-- Opening Marker --

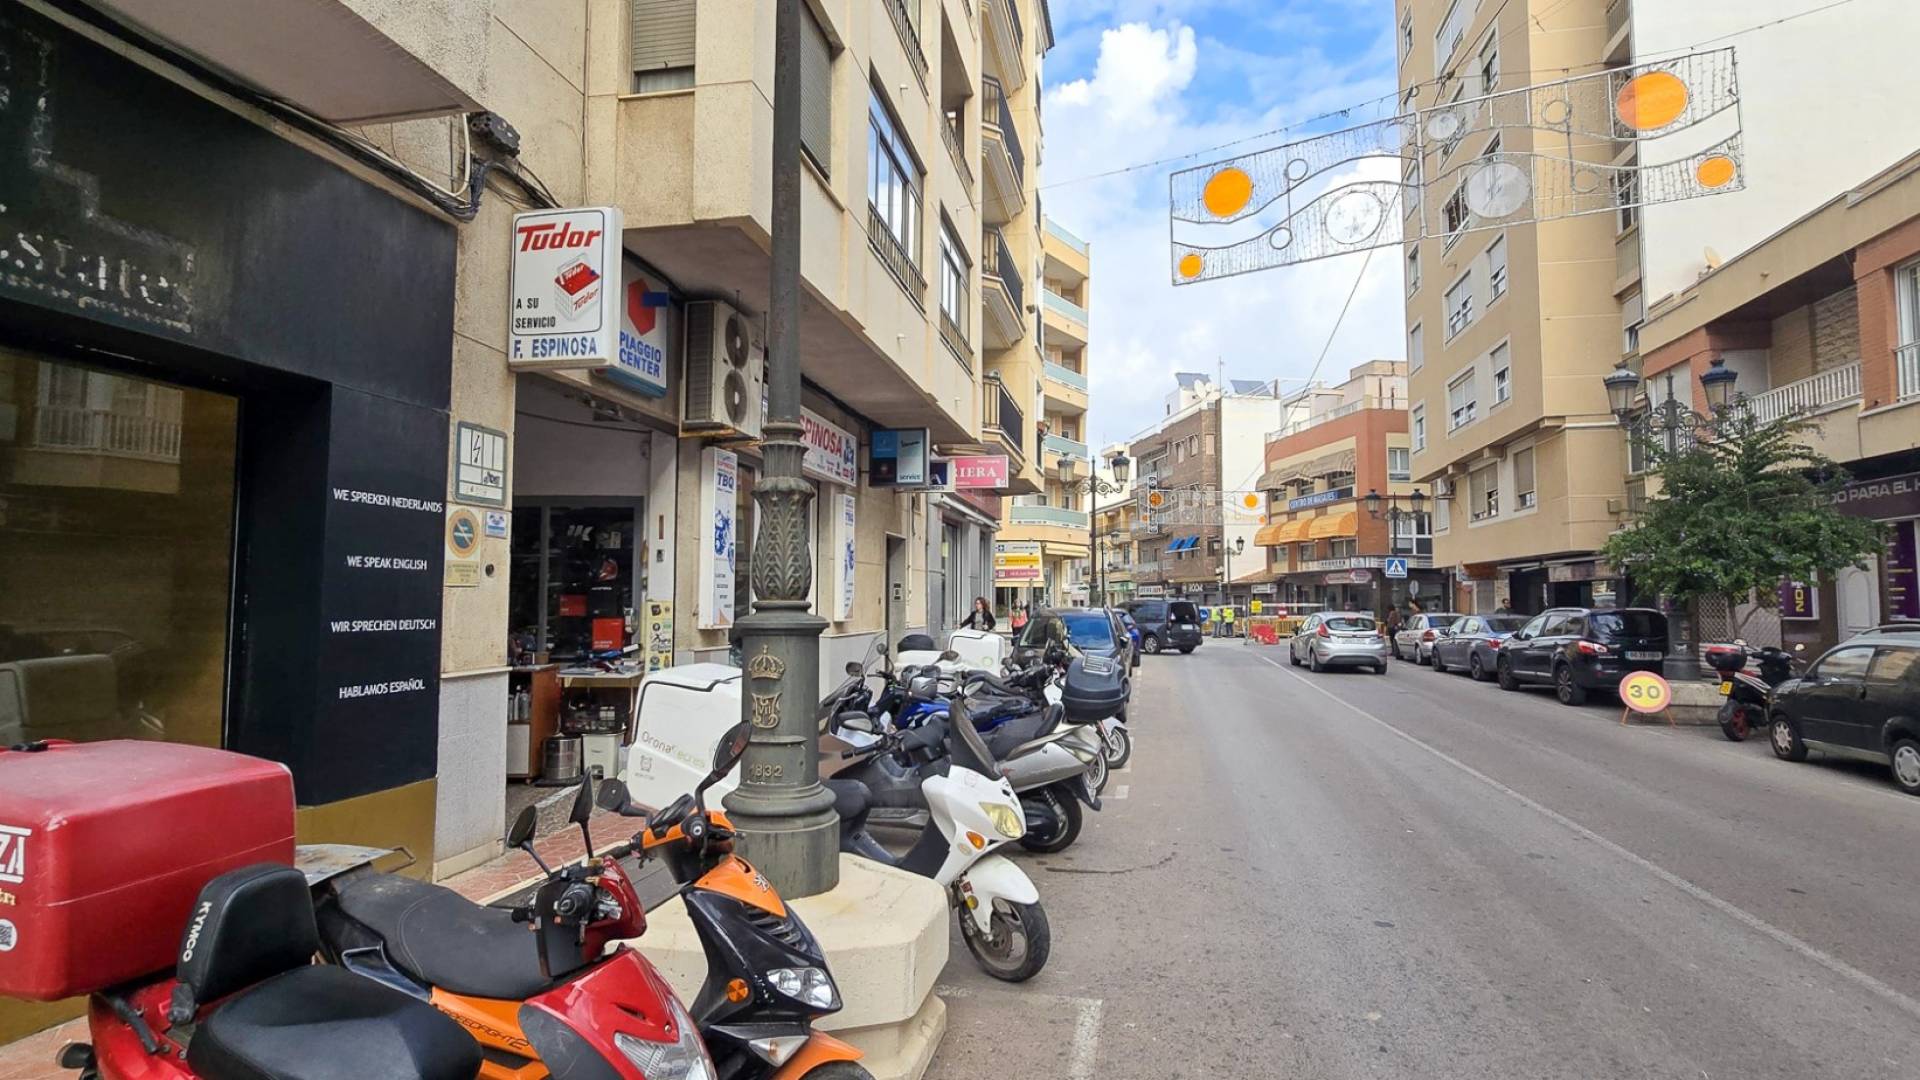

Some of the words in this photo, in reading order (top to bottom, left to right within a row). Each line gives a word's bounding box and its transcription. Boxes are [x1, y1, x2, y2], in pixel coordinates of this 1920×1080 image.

[517, 222, 602, 252] Tudor
[516, 298, 522, 309] A
[527, 298, 539, 309] SU
[515, 316, 556, 329] SERVICIO
[514, 340, 523, 359] F.
[532, 337, 597, 358] ESPINOSA
[619, 331, 662, 364] PIAGGIO
[619, 348, 660, 378] CENTER
[717, 472, 735, 490] TBQ
[1850, 484, 1890, 501] PARA
[1893, 481, 1911, 494] EL
[333, 488, 350, 501] WE
[350, 490, 390, 506] SPREKEN
[392, 497, 442, 512] NEDERLANDS
[347, 555, 363, 568] WE
[364, 557, 391, 569] SPEAK
[393, 558, 427, 570] ENGLISH
[331, 621, 350, 633] WIR
[351, 620, 397, 632] SPRECHEN
[399, 619, 436, 631] DEUTSCH
[339, 684, 389, 699] HABLAMOS
[390, 678, 425, 694] ESPAÑOL
[1630, 684, 1660, 700] 30
[183, 901, 213, 963] KYMCO
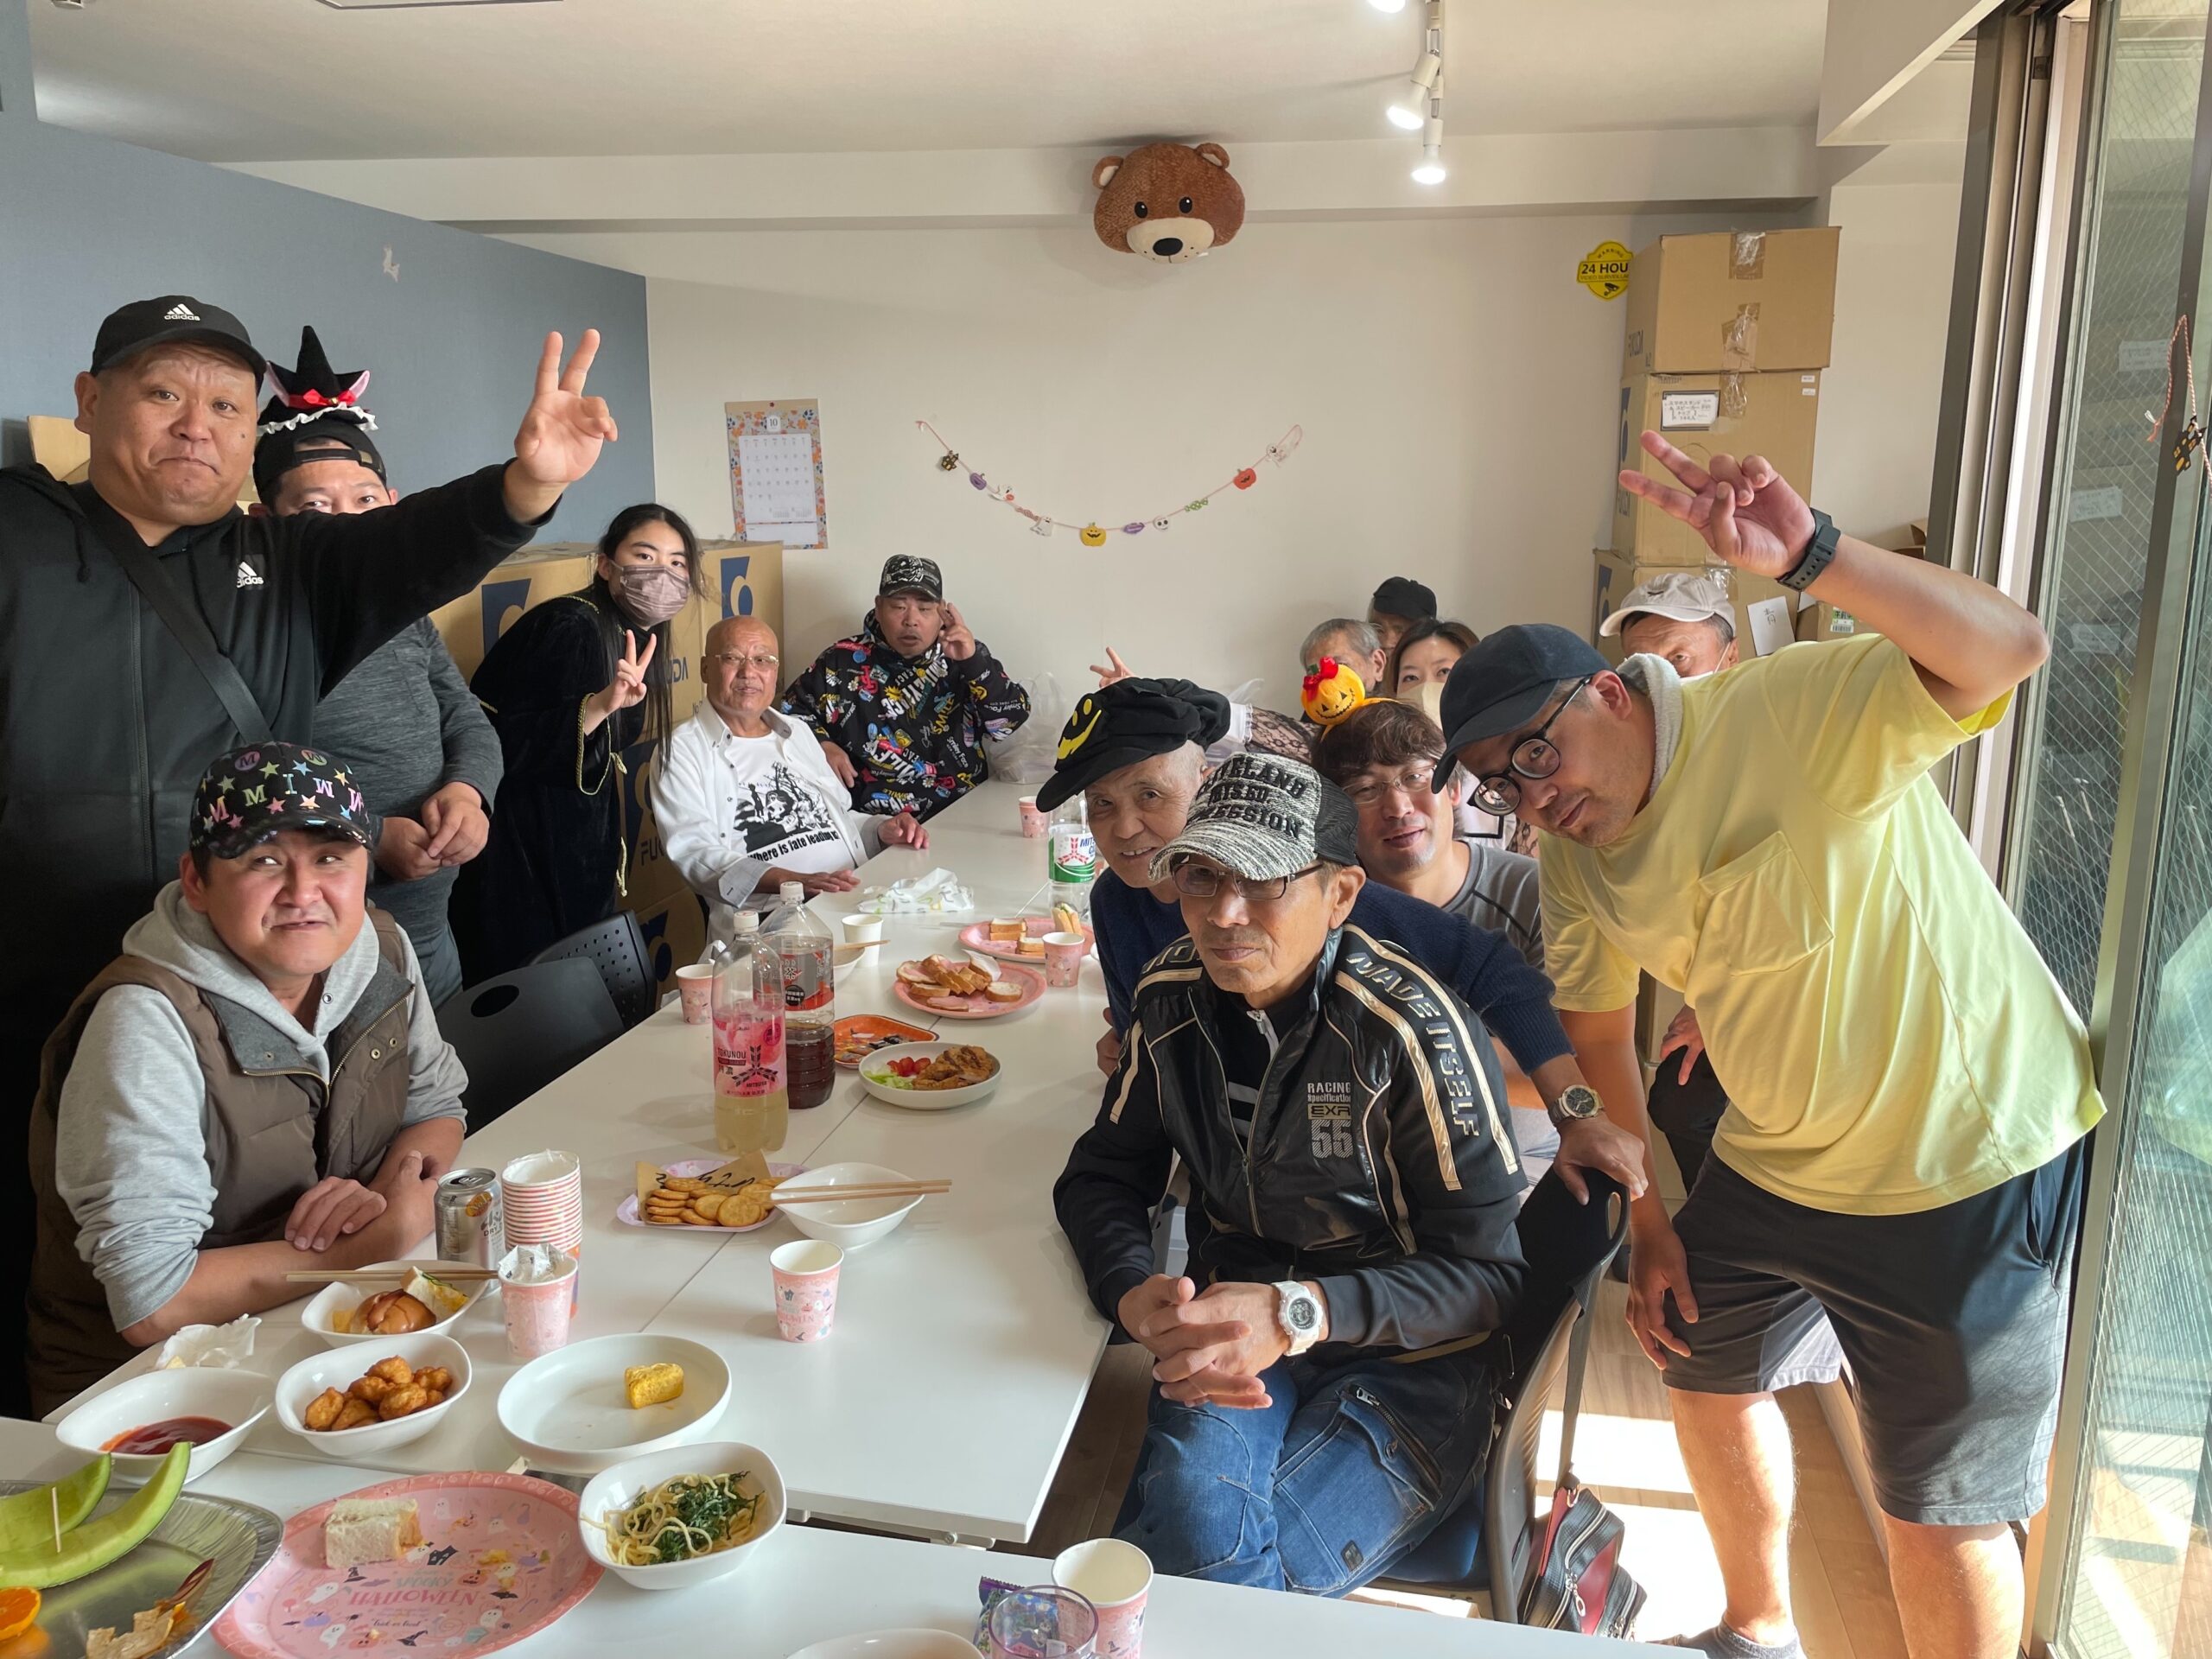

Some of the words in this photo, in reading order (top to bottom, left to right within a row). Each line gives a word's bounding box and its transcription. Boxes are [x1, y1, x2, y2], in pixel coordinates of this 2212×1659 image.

[1581, 264, 1596, 274] 24
[1599, 263, 1629, 274] HOU
[769, 418, 779, 427] 10
[779, 843, 789, 855] is
[789, 838, 807, 851] fate
[1345, 951, 1440, 1019] MADE
[1426, 1020, 1480, 1137] ITSELF
[718, 1047, 747, 1059] TOKUNOU
[1307, 1082, 1351, 1093] RACING
[484, 1227, 498, 1236] DRY
[348, 1588, 480, 1605] HALLOWEEN
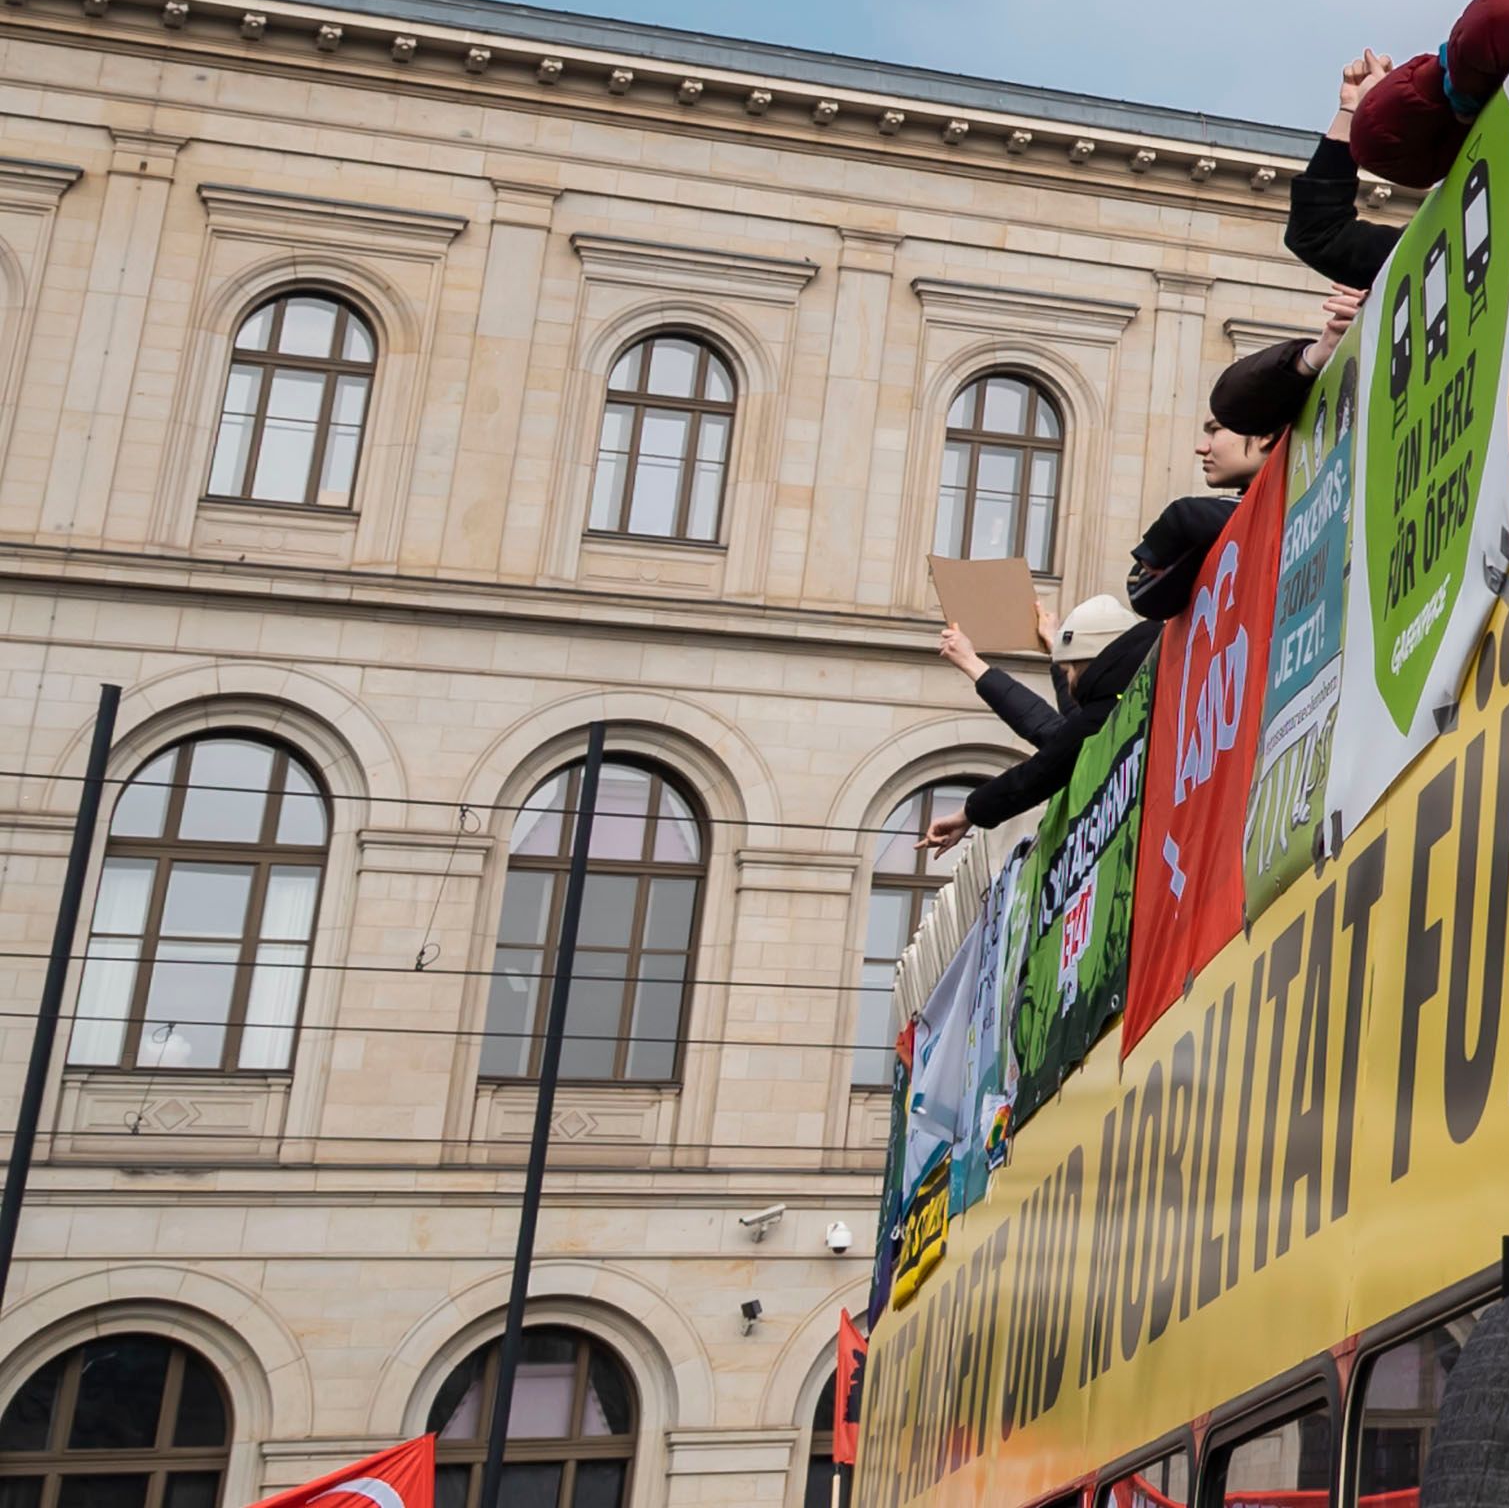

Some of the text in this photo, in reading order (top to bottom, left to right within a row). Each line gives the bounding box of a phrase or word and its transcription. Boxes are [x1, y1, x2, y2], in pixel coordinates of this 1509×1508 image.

-- Closing Marker --

Your instructions ▸ Give the records again without a single change, and exclude the pictures.

Exercise solution ▸
Some of the words in this photo, in reading order (top to bottom, left to right within a row). Each line gives a word's bounding box and its transcription. Boxes are [x1, y1, x2, y2], in pixel coordinates of this 1920×1080 image.

[517, 222, 602, 252] Tudor
[516, 298, 522, 309] A
[527, 298, 539, 309] SU
[515, 316, 556, 329] SERVICIO
[514, 340, 523, 359] F.
[532, 337, 597, 358] ESPINOSA
[619, 331, 662, 364] PIAGGIO
[619, 348, 660, 378] CENTER
[717, 472, 735, 490] TBQ
[1850, 484, 1890, 501] PARA
[1893, 481, 1911, 494] EL
[333, 488, 350, 501] WE
[350, 490, 390, 506] SPREKEN
[392, 497, 442, 512] NEDERLANDS
[347, 555, 363, 568] WE
[364, 557, 391, 569] SPEAK
[393, 558, 427, 570] ENGLISH
[331, 621, 350, 633] WIR
[351, 620, 397, 632] SPRECHEN
[399, 619, 436, 631] DEUTSCH
[339, 684, 389, 699] HABLAMOS
[390, 678, 425, 694] ESPAÑOL
[1630, 684, 1660, 700] 30
[183, 901, 213, 963] KYMCO

Some of the words in this photo, in reading order (top to bottom, left to right within a row). Each line gives a word's bounding box and its transcription. Boxes are [x1, y1, x2, y2], in pixel coordinates of this 2212×1659 image.

[1581, 264, 1596, 274] 24
[1599, 263, 1629, 274] HOU
[769, 418, 779, 427] 10
[779, 843, 789, 855] is
[789, 838, 807, 851] fate
[1345, 951, 1440, 1019] MADE
[1426, 1020, 1480, 1137] ITSELF
[718, 1047, 747, 1059] TOKUNOU
[1307, 1082, 1351, 1093] RACING
[484, 1227, 498, 1236] DRY
[348, 1588, 480, 1605] HALLOWEEN

Some of the text in this photo, in reading order (top to bottom, left to right within a row). Each line gives the bounding box of a phrase or word and its transcription. Boxes are [x1, y1, x2, y2], in pixel coordinates of this 1509×1508 image.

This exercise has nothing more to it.